The current of time pools and gains order

in the numbered forms of century after century.

And conquered Death takes refuge trembling

in the tight circle of the present instant.

When you take up your palette, a bullet hole in its wing,

you call on the light that brings the olive tree to life.

The broad light of Minerva, builder of scaffolds,

where there is no room for dream or its hazy flower.

You call on the old light that stays on the brow,

not descending to the mouth or the heart of man.

A light feared by the loving vines of Bacchus

and the chaotic force of curving water.

You do well when you post warning flags

along the dark limit that shines in the night.

As a painter, you refuse to have your forms softened

by the shifting cotton of an unexpected cloud.

The fish in the fishbowl and the bird in the cage.

You refuse to invent them in the sea or the air.

You stylize or copy once you have seen

their small, agile bodies with your honest eyes.

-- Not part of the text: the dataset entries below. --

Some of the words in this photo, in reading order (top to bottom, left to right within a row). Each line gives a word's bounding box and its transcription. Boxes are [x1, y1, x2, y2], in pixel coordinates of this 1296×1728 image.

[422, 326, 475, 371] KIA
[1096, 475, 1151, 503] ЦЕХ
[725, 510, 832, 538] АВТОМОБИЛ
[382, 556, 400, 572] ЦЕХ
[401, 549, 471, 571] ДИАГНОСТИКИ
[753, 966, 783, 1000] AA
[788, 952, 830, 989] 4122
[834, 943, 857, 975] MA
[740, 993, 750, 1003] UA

You love a matter definite and exact,

where the toadstool cannot pitch its camp.

You love the architecture that builds on the absent

and admit the flag simply as a joke.

The steel compass tells its short, elastic verse.

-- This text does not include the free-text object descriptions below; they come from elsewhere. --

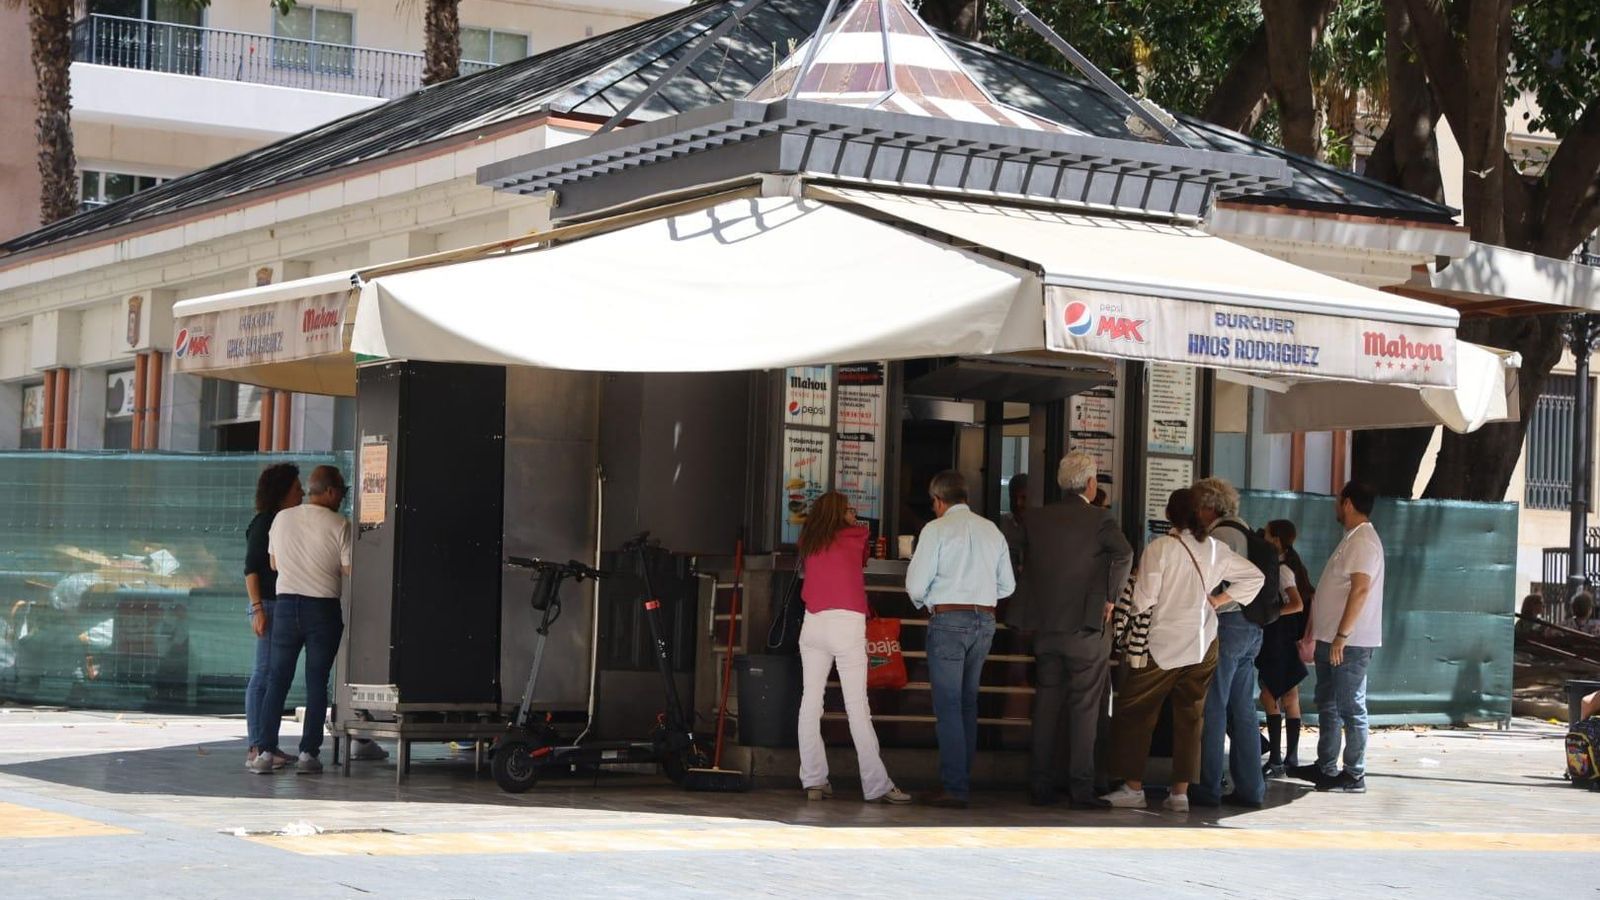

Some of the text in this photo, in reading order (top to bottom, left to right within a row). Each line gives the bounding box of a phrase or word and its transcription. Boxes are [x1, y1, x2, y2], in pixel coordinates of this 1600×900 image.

[1100, 303, 1122, 313] pepsi
[1096, 315, 1145, 343] MAX
[1214, 312, 1295, 335] BURGUER
[1188, 333, 1320, 368] HNOS RODRIGUEZ
[1363, 331, 1444, 361] Mahou
[791, 375, 827, 391] Mahou
[801, 405, 826, 416] pepsi
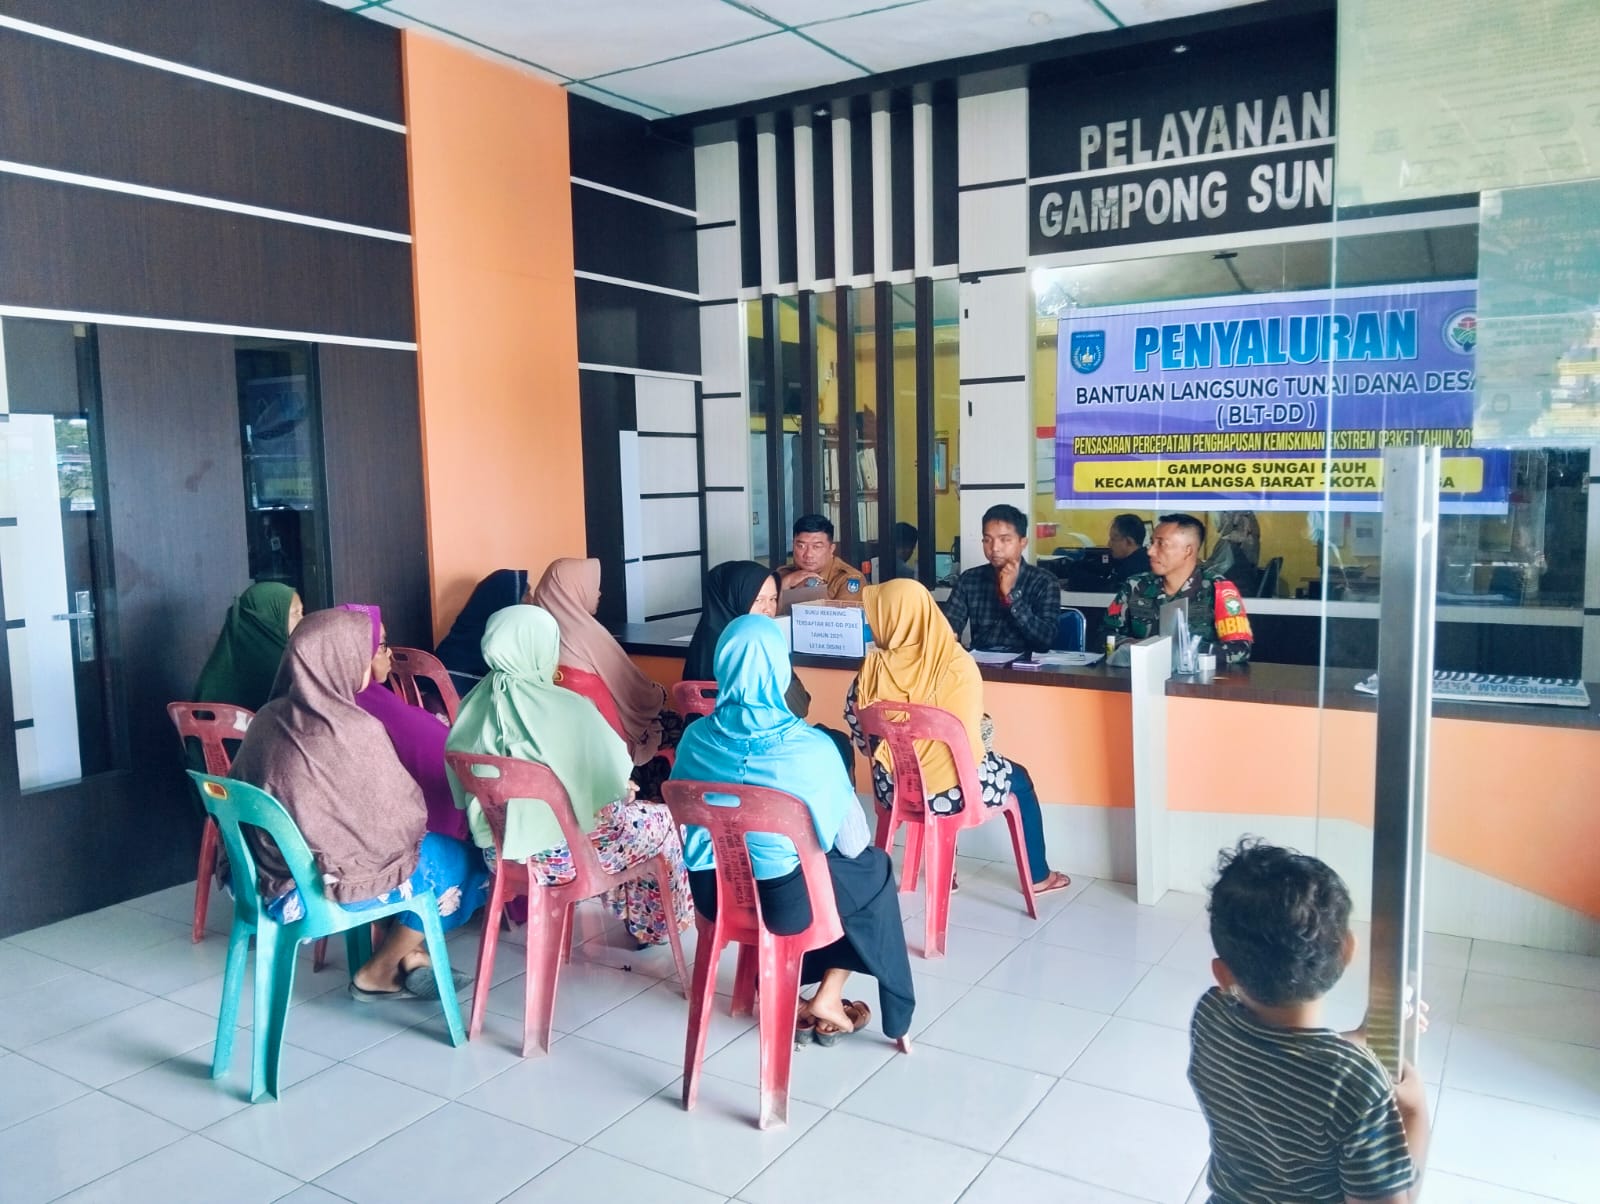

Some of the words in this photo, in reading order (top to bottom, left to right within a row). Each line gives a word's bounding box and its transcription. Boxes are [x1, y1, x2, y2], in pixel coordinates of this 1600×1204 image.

[1080, 89, 1329, 171] PELAYANAN
[1039, 171, 1228, 238] GAMPONG
[1248, 158, 1333, 213] SUN
[1133, 309, 1418, 372] PENYALURAN
[1076, 384, 1165, 404] BANTUAN
[1171, 378, 1278, 401] LANGSUNG
[1284, 375, 1347, 397] TUNAI
[1355, 373, 1418, 394] DANA
[1074, 436, 1131, 455] PENSASARAN
[1133, 435, 1191, 453] PERCEPATAN
[1193, 433, 1261, 452] PENGHAPUSAN
[1264, 431, 1325, 451] KEMISKINAN
[1417, 429, 1453, 448] TAHUN
[1456, 429, 1473, 448] 20
[1095, 477, 1186, 489] KECAMATAN
[1191, 477, 1255, 488] LANGSA
[1262, 476, 1315, 488] BARAT
[1329, 476, 1376, 488] KOTA
[1168, 463, 1246, 475] GAMPONG
[1252, 462, 1315, 474] SUNGAI

Unknown clouds rise to deny the sphere exists.

The straight line tells of its upward struggle

and the learned crystals sing their geometries.

But also the rose of the garden where you live.

Always the rose, always, our north and south!

Calm and ingathered like an eyeless statue,

not knowing the buried struggle it provokes.

Pure rose, clean of artifice and rough sketches,

opening for us the slender wings of the smile.

(Pinned butterfly that ponders its flight.)

Rose of balance, with no self-inflicted pains.

Always the rose!

Oh Salvador Dali, of the olive-colored voice!

I speak of what your person and your paintings tell me.

I do not praise your halting adolescent brush,

but I sing the steady aim of your arrows.

I sing your fair struggle of Catalan lights,

your love of what might be made clear.

I sing your astronomical and tender heart,

a never-wounded deck of French cards.

I sing your restless longing for the statue,

your fear of the feelings that await you in the street.

I sing the small sea siren who sings to you,

riding her bicycle of corals and conches.

But above all I sing a common thought

that joins us in the dark and golden hours.

The light that blinds our eyes is not art.

Rather it is love, friendship, crossed swords.

Not the picture you patiently trace,

but the breast of Theresa, she of sleepless skin,

the tight-wound curls of Mathilde the ungrateful,

our friendship, painted bright as a game board.

May fingerprints of blood on gold

streak the heart of eternal Catalunya.

May stars like falconless fists shine on you,

while your painting and your life break into flower.

Don’t watch the water clock with its membraned wings

or the hard scythe of the allegory.

Always in the air, dress and undress your brush

before the sea peopled with sailors and ships.